EXERCISE>
Your answer must be an exact copy of the records, minus any pictures.

RECORDS FOR THE EXERCISE Start Marker

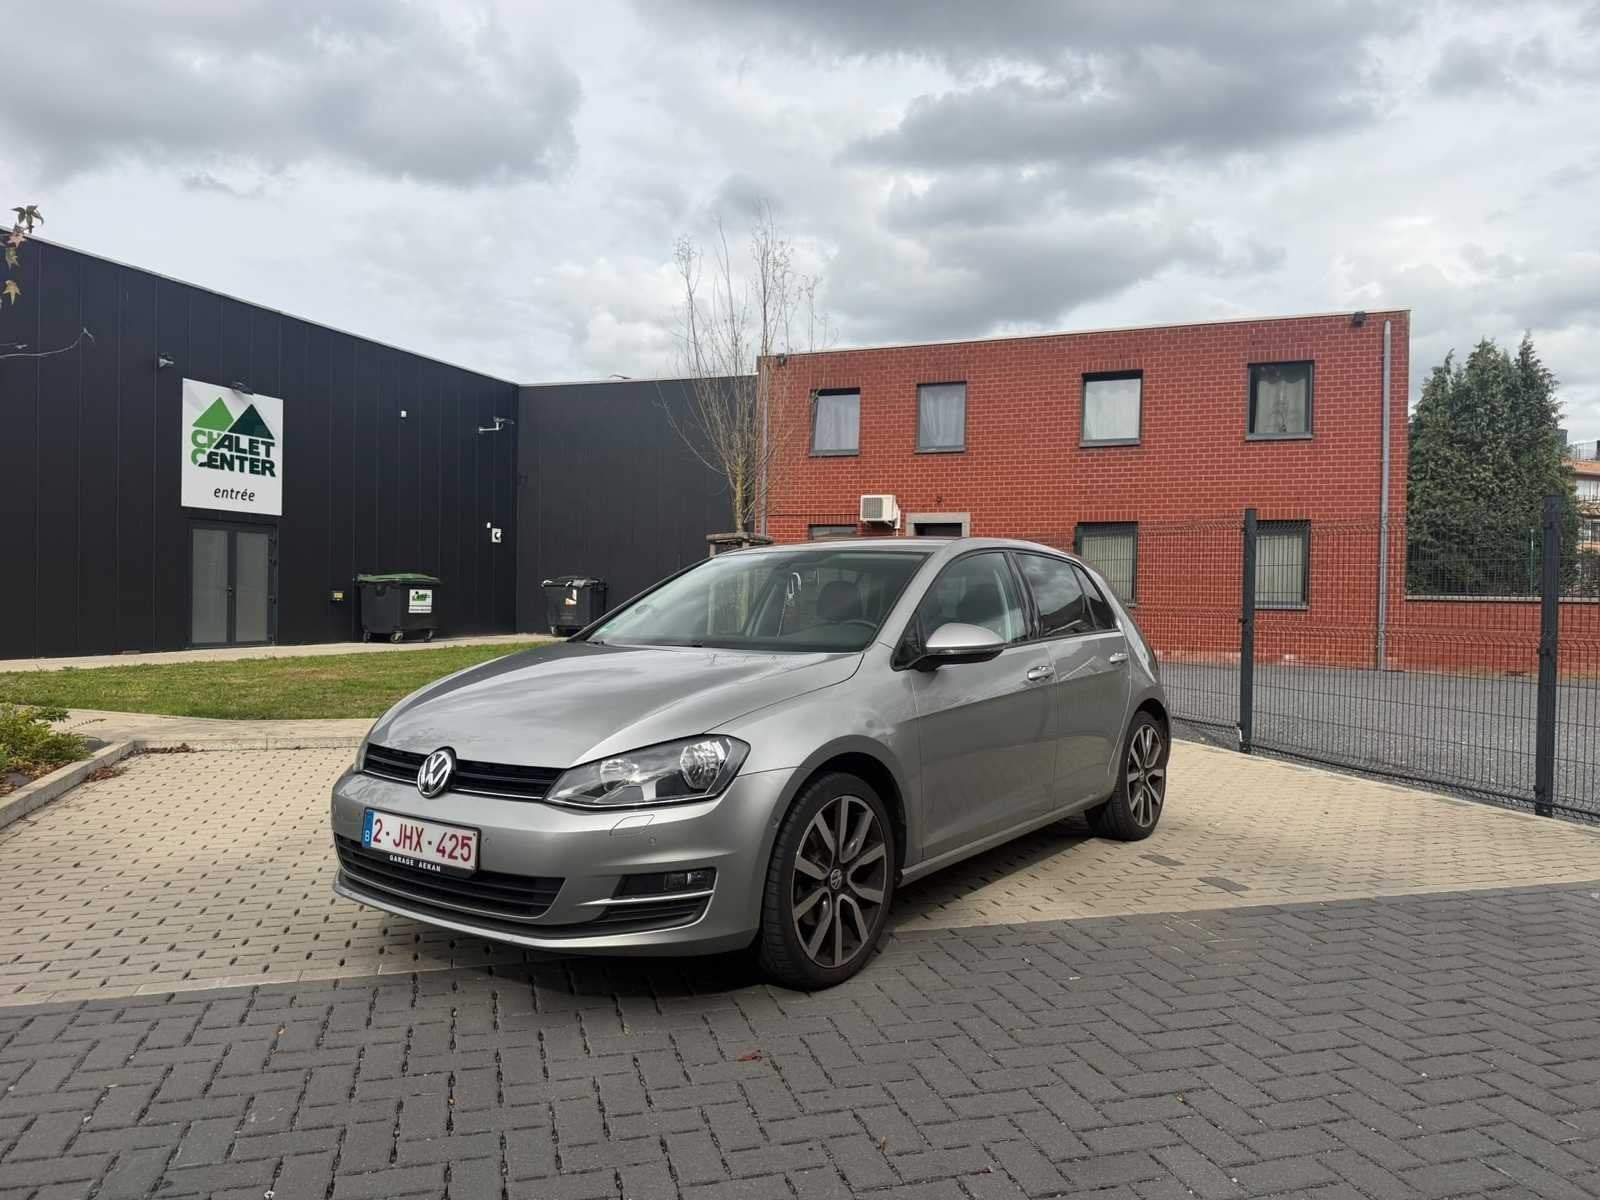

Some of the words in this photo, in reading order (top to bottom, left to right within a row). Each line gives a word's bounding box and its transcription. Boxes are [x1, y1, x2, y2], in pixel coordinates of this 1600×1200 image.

[191, 429, 275, 458] CHALET
[191, 448, 276, 477] CENTER
[213, 487, 255, 501] entrée
[365, 830, 370, 841] B
[389, 854, 414, 866] GARAGE
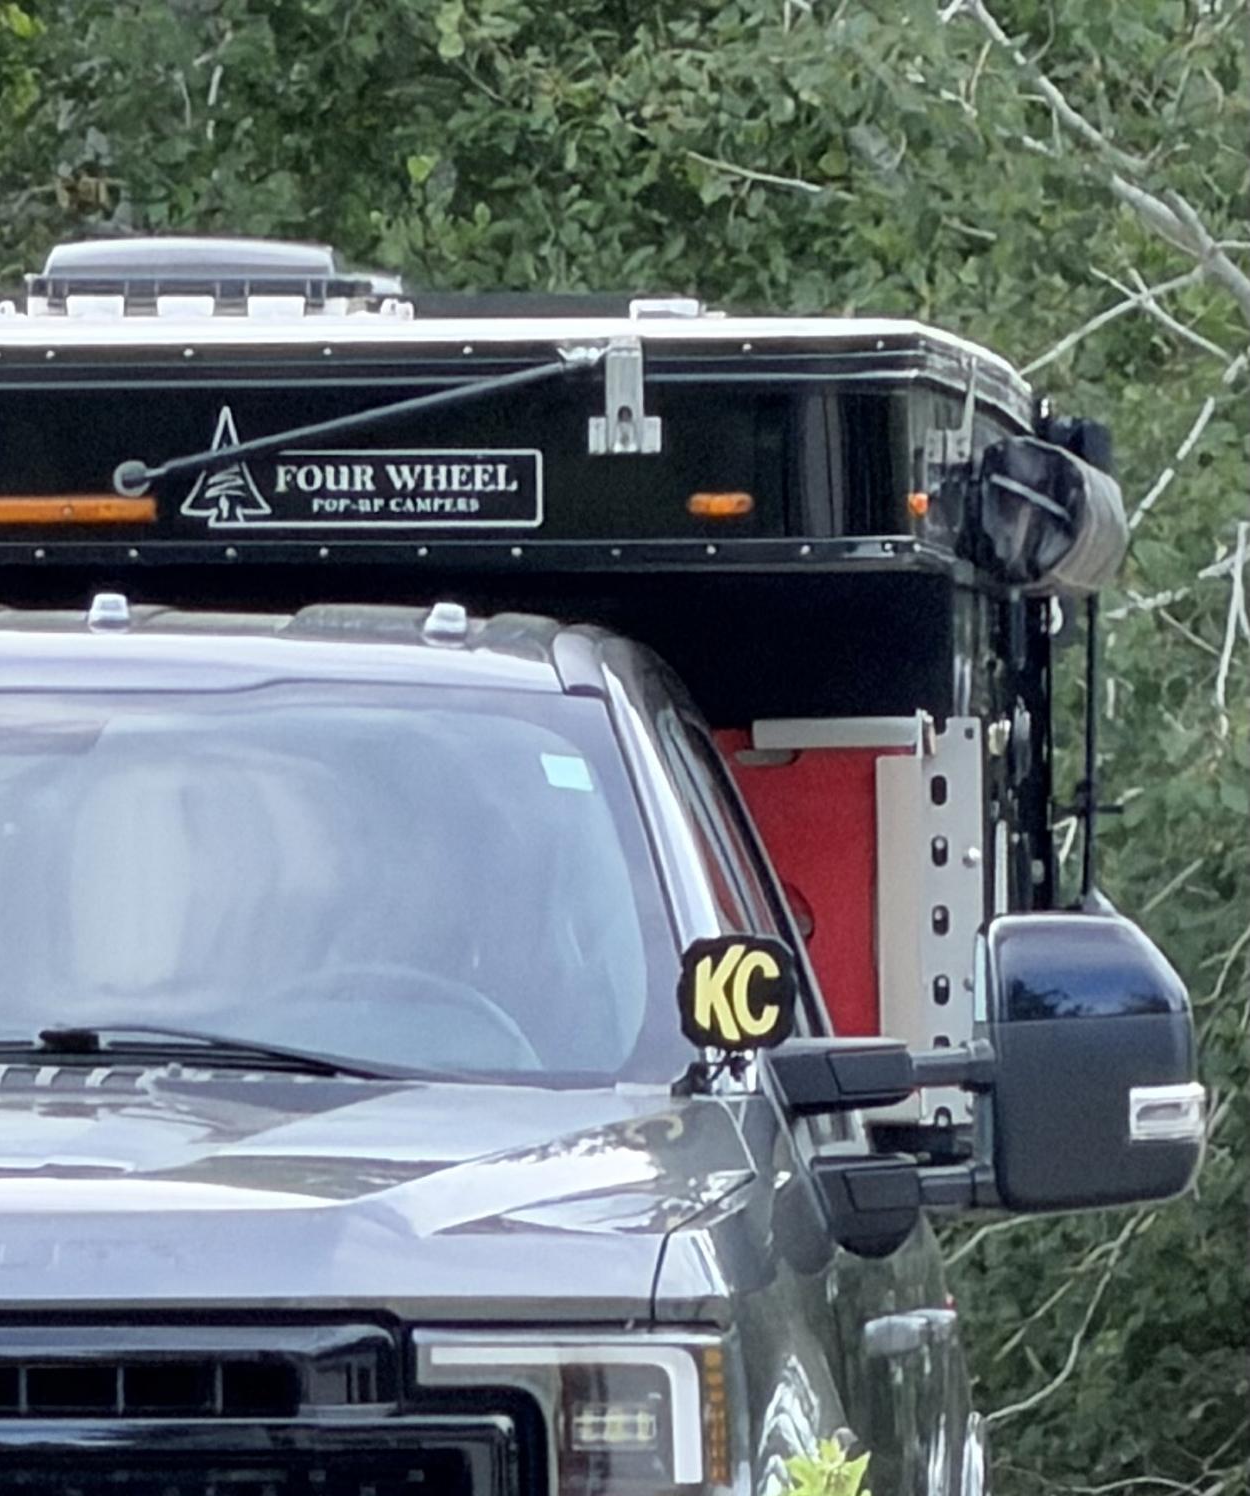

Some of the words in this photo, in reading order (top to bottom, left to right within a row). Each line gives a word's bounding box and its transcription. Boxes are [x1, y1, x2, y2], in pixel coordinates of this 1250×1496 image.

[275, 464, 376, 493] FOUR
[384, 463, 519, 492] WHEEL
[389, 497, 481, 513] CAMPERS
[693, 943, 781, 1042] KC

RECORDS FOR THE EXERCISE End Marker

ANSWER SECTION>
Some of the words in this photo, in reading order (top to bottom, left to right within a row). Each line gives a word's bounding box and its transcription. Boxes are [x1, y1, x2, y2], in pixel coordinates of this 1600×1200 image.

[191, 429, 275, 458] CHALET
[191, 448, 276, 477] CENTER
[213, 487, 255, 501] entrée
[365, 830, 370, 841] B
[389, 854, 414, 866] GARAGE

Some of the words in this photo, in reading order (top to bottom, left to right within a row). Each line gives a word's bounding box and its transcription. Boxes are [x1, y1, x2, y2], in pixel coordinates of this 1250×1496 image.

[275, 464, 376, 493] FOUR
[384, 463, 519, 492] WHEEL
[389, 497, 481, 513] CAMPERS
[693, 943, 781, 1042] KC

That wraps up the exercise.